Saved entries —
________________________

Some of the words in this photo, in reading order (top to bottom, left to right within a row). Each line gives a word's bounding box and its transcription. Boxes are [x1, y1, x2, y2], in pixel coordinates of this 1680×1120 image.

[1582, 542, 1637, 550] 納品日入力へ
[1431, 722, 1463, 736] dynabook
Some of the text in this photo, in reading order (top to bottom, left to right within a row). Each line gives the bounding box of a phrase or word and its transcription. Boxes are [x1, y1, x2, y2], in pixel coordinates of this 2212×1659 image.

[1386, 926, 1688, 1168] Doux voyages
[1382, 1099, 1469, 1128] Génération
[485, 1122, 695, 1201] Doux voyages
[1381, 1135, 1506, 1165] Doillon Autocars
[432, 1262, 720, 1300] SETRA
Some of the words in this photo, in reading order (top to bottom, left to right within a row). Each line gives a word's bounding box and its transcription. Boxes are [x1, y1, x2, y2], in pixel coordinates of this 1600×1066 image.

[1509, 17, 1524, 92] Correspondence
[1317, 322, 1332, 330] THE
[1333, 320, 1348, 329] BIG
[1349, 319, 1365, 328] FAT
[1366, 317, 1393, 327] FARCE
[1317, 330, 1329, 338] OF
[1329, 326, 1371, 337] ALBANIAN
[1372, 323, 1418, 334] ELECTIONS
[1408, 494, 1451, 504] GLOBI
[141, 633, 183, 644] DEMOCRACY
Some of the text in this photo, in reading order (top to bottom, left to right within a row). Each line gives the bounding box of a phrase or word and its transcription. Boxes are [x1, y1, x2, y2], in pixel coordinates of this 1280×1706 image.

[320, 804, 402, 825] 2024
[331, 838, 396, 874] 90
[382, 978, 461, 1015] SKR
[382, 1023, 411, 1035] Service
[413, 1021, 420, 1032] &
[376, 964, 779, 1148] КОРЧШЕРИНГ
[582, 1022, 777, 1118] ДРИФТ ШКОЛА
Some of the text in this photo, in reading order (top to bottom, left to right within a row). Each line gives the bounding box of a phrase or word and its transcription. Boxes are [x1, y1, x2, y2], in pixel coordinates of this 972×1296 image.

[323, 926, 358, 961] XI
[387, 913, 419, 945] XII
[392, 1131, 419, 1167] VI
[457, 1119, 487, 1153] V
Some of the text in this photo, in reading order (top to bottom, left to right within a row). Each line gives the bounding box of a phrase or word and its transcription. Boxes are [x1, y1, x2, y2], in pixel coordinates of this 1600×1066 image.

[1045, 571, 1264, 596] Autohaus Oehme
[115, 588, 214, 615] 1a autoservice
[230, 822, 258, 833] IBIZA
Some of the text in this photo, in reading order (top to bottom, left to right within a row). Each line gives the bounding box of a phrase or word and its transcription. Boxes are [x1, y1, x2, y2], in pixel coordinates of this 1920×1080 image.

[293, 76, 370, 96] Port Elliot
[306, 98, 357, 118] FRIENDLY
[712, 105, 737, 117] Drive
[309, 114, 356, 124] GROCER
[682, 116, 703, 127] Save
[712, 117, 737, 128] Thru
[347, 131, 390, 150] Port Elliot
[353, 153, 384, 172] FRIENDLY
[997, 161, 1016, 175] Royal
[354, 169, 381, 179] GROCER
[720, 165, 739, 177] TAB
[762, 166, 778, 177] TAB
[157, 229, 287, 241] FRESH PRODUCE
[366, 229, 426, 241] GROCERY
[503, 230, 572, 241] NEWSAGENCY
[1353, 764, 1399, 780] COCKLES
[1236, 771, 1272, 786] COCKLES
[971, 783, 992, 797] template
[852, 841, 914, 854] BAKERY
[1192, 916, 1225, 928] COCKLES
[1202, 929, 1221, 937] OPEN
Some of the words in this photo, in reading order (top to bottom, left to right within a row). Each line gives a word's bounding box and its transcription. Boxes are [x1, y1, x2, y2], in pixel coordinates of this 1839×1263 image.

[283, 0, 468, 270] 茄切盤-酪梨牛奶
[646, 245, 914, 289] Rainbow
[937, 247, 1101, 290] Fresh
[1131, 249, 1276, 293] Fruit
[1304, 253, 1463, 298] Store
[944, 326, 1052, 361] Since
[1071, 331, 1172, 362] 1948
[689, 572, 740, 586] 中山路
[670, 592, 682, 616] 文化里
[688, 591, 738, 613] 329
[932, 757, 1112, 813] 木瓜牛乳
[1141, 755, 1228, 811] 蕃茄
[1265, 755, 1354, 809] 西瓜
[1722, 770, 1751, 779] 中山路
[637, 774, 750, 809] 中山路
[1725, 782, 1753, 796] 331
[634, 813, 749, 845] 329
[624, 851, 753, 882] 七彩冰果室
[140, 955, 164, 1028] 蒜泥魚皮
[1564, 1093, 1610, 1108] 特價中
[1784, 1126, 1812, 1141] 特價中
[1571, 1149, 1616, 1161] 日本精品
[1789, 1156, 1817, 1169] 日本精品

________________________

EXERCISE INSTRUCTIONS — Set the entries above down once more, exactly as they stand.

TASK RESULT —
Some of the words in this photo, in reading order (top to bottom, left to right within a row). Each line gives a word's bounding box and its transcription. Boxes are [x1, y1, x2, y2], in pixel coordinates of this 1680×1120 image.

[1582, 542, 1637, 550] 納品日入力へ
[1431, 722, 1463, 736] dynabook
Some of the text in this photo, in reading order (top to bottom, left to right within a row). Each line gives the bounding box of a phrase or word and its transcription. Boxes are [x1, y1, x2, y2], in pixel coordinates of this 2212×1659 image.

[1386, 926, 1688, 1168] Doux voyages
[1382, 1099, 1469, 1128] Génération
[485, 1122, 695, 1201] Doux voyages
[1381, 1135, 1506, 1165] Doillon Autocars
[432, 1262, 720, 1300] SETRA
Some of the words in this photo, in reading order (top to bottom, left to right within a row). Each line gives a word's bounding box and its transcription. Boxes are [x1, y1, x2, y2], in pixel coordinates of this 1600×1066 image.

[1509, 17, 1524, 92] Correspondence
[1317, 322, 1332, 330] THE
[1333, 320, 1348, 329] BIG
[1349, 319, 1365, 328] FAT
[1366, 317, 1393, 327] FARCE
[1317, 330, 1329, 338] OF
[1329, 326, 1371, 337] ALBANIAN
[1372, 323, 1418, 334] ELECTIONS
[1408, 494, 1451, 504] GLOBI
[141, 633, 183, 644] DEMOCRACY
Some of the text in this photo, in reading order (top to bottom, left to right within a row). Each line gives the bounding box of a phrase or word and its transcription. Boxes are [x1, y1, x2, y2], in pixel coordinates of this 1280×1706 image.

[320, 804, 402, 825] 2024
[331, 838, 396, 874] 90
[382, 978, 461, 1015] SKR
[382, 1023, 411, 1035] Service
[413, 1021, 420, 1032] &
[376, 964, 779, 1148] КОРЧШЕРИНГ
[582, 1022, 777, 1118] ДРИФТ ШКОЛА
Some of the text in this photo, in reading order (top to bottom, left to right within a row). Each line gives the bounding box of a phrase or word and its transcription. Boxes are [x1, y1, x2, y2], in pixel coordinates of this 972×1296 image.

[323, 926, 358, 961] XI
[387, 913, 419, 945] XII
[392, 1131, 419, 1167] VI
[457, 1119, 487, 1153] V
Some of the text in this photo, in reading order (top to bottom, left to right within a row). Each line gives the bounding box of a phrase or word and its transcription. Boxes are [x1, y1, x2, y2], in pixel coordinates of this 1600×1066 image.

[1045, 571, 1264, 596] Autohaus Oehme
[115, 588, 214, 615] 1a autoservice
[230, 822, 258, 833] IBIZA
Some of the text in this photo, in reading order (top to bottom, left to right within a row). Each line gives the bounding box of a phrase or word and its transcription. Boxes are [x1, y1, x2, y2], in pixel coordinates of this 1920×1080 image.

[293, 76, 370, 96] Port Elliot
[306, 98, 357, 118] FRIENDLY
[712, 105, 737, 117] Drive
[309, 114, 356, 124] GROCER
[682, 116, 703, 127] Save
[712, 117, 737, 128] Thru
[347, 131, 390, 150] Port Elliot
[353, 153, 384, 172] FRIENDLY
[997, 161, 1016, 175] Royal
[354, 169, 381, 179] GROCER
[720, 165, 739, 177] TAB
[762, 166, 778, 177] TAB
[157, 229, 287, 241] FRESH PRODUCE
[366, 229, 426, 241] GROCERY
[503, 230, 572, 241] NEWSAGENCY
[1353, 764, 1399, 780] COCKLES
[1236, 771, 1272, 786] COCKLES
[971, 783, 992, 797] template
[852, 841, 914, 854] BAKERY
[1192, 916, 1225, 928] COCKLES
[1202, 929, 1221, 937] OPEN
Some of the words in this photo, in reading order (top to bottom, left to right within a row). Each line gives a word's bounding box and its transcription. Boxes are [x1, y1, x2, y2], in pixel coordinates of this 1839×1263 image.

[283, 0, 468, 270] 茄切盤-酪梨牛奶
[646, 245, 914, 289] Rainbow
[937, 247, 1101, 290] Fresh
[1131, 249, 1276, 293] Fruit
[1304, 253, 1463, 298] Store
[944, 326, 1052, 361] Since
[1071, 331, 1172, 362] 1948
[689, 572, 740, 586] 中山路
[670, 592, 682, 616] 文化里
[688, 591, 738, 613] 329
[932, 757, 1112, 813] 木瓜牛乳
[1141, 755, 1228, 811] 蕃茄
[1265, 755, 1354, 809] 西瓜
[1722, 770, 1751, 779] 中山路
[637, 774, 750, 809] 中山路
[1725, 782, 1753, 796] 331
[634, 813, 749, 845] 329
[624, 851, 753, 882] 七彩冰果室
[140, 955, 164, 1028] 蒜泥魚皮
[1564, 1093, 1610, 1108] 特價中
[1784, 1126, 1812, 1141] 特價中
[1571, 1149, 1616, 1161] 日本精品
[1789, 1156, 1817, 1169] 日本精品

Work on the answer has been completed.